PROBLEM STATEMENT
Go through the lines below and copy any that hold the string "tank".

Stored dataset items
==*==

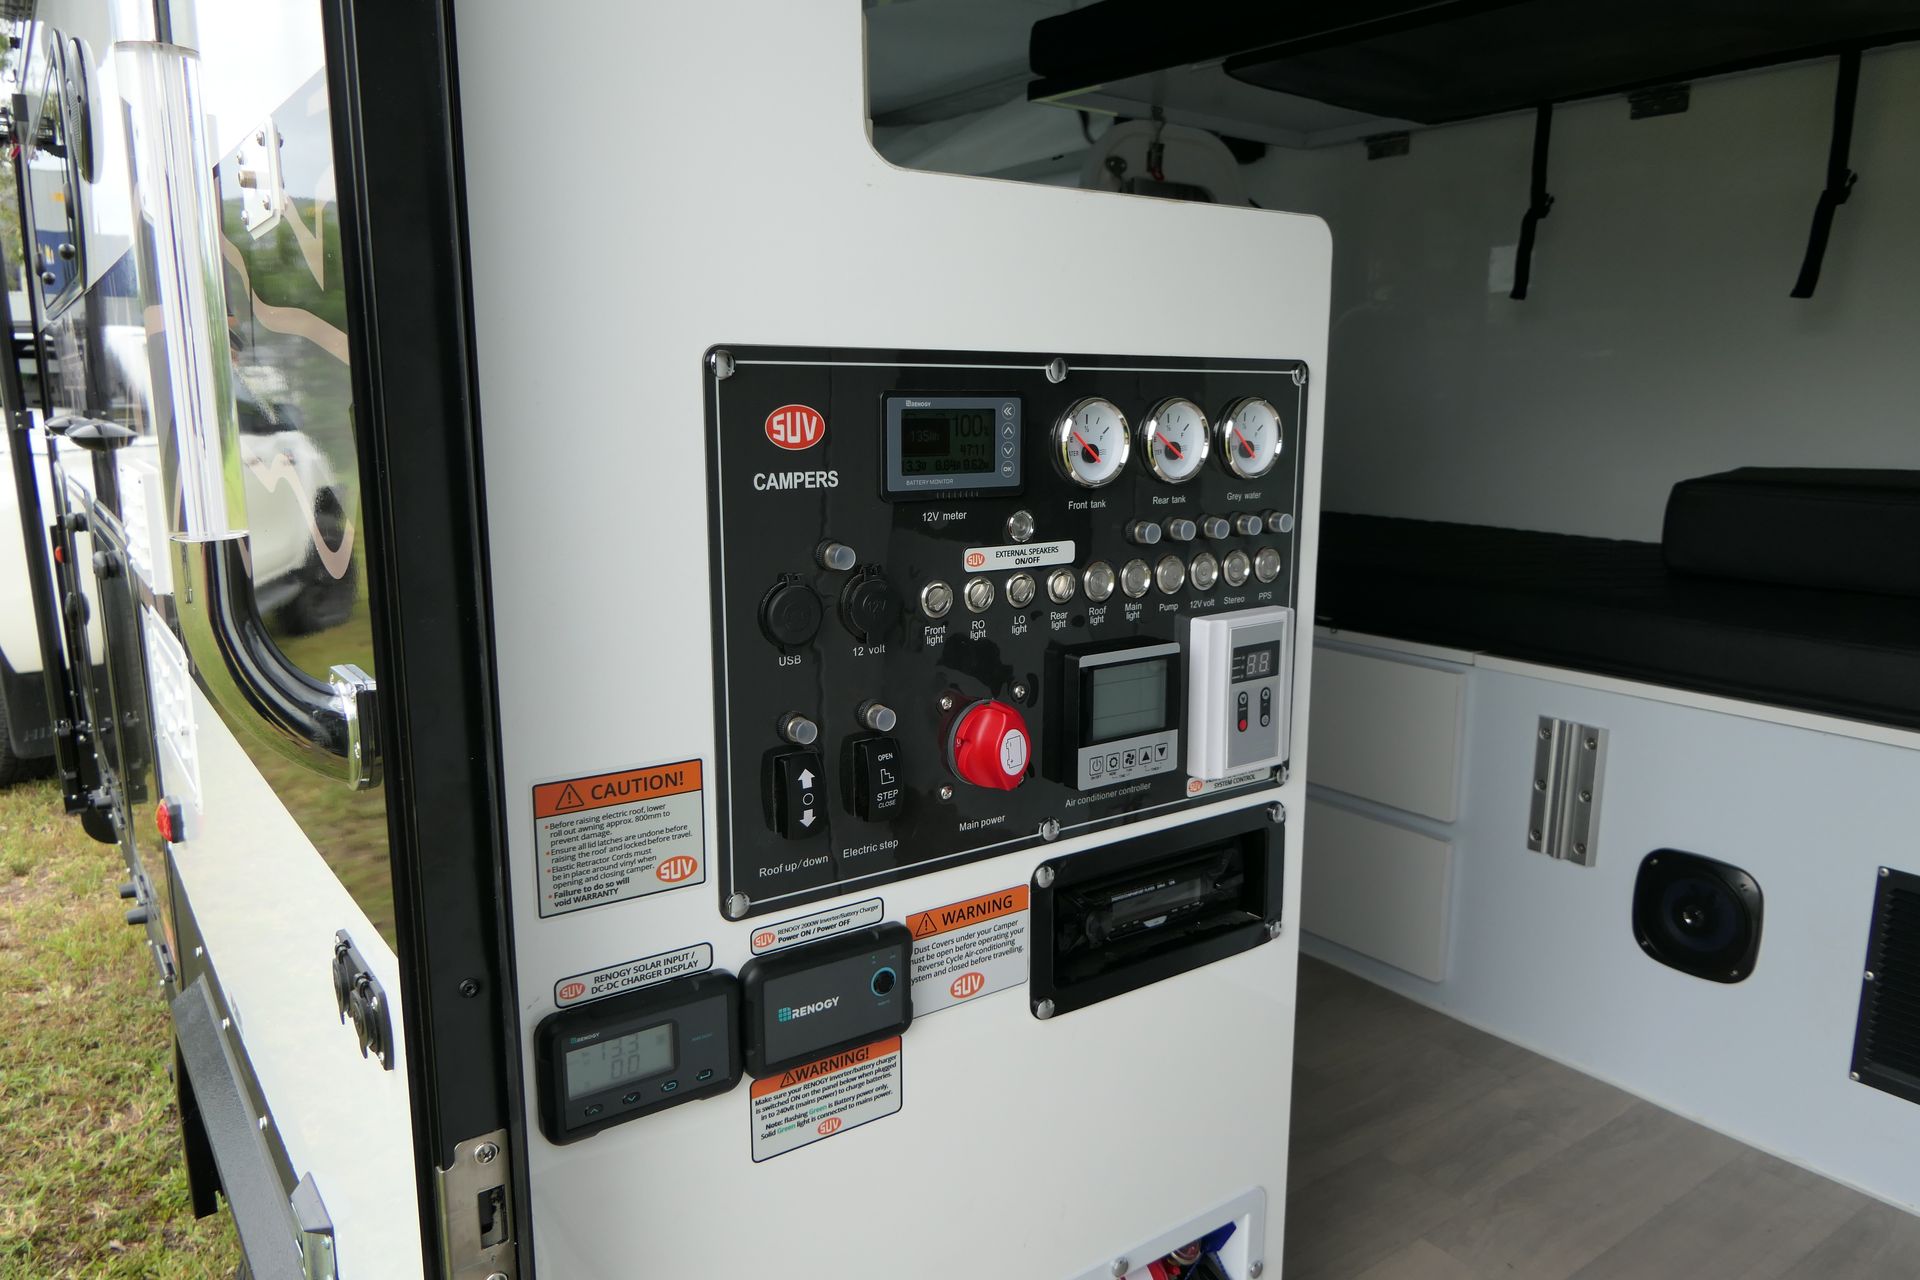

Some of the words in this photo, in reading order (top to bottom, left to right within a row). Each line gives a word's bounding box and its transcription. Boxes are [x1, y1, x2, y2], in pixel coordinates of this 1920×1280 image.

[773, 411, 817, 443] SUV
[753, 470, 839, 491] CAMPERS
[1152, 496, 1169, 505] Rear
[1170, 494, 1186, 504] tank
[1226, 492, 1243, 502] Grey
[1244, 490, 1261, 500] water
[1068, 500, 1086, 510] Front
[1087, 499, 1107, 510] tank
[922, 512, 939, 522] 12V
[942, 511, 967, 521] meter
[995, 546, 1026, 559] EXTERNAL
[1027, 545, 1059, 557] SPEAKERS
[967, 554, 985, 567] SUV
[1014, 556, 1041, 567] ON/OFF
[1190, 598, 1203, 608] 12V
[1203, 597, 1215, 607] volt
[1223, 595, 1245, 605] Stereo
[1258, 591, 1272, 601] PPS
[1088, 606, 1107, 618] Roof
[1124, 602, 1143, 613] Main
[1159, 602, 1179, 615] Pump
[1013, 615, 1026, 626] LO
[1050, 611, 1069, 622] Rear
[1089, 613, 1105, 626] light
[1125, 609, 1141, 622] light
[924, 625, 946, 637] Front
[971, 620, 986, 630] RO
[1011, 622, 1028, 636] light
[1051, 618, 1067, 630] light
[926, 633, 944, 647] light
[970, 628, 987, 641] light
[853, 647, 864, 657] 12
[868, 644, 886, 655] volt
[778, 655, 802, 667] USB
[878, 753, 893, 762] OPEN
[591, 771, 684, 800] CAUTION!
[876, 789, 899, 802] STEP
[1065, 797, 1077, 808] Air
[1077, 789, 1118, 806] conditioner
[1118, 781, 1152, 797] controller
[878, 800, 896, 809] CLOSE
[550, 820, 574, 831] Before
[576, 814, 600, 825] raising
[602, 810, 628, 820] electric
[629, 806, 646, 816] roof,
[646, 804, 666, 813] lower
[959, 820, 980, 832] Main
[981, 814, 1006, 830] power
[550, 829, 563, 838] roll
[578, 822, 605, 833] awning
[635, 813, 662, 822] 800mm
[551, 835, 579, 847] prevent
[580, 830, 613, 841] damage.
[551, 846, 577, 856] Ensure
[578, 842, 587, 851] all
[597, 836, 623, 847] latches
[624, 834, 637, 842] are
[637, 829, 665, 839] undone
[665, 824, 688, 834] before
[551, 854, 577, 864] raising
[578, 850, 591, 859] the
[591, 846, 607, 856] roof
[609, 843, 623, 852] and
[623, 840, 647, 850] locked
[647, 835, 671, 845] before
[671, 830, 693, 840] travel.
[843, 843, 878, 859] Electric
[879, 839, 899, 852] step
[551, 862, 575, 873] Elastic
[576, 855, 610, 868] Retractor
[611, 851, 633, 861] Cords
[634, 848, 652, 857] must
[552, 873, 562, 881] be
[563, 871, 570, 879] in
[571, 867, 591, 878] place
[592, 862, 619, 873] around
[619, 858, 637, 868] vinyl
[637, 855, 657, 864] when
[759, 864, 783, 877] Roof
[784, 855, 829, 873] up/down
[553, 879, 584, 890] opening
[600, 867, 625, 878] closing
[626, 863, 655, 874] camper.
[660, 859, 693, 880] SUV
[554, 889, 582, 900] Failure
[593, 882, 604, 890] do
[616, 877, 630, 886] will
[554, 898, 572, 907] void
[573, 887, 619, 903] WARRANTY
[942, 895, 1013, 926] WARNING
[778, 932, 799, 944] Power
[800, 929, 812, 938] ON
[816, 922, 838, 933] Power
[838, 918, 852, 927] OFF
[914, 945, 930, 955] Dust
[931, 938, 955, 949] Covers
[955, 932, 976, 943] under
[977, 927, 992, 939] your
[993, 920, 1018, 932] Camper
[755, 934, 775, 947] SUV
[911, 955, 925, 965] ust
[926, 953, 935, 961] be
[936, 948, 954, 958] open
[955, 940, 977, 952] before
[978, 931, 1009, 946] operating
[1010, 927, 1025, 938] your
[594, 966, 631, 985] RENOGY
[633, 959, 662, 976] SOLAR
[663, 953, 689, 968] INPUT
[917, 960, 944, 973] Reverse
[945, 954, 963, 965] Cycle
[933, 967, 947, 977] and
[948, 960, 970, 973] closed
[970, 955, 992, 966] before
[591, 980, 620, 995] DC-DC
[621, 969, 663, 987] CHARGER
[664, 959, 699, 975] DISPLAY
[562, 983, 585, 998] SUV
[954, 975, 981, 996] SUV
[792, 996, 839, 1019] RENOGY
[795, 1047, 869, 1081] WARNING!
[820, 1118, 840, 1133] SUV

==*==

EXERCISE OUTPUT
[1170, 494, 1186, 504] tank
[1087, 499, 1107, 510] tank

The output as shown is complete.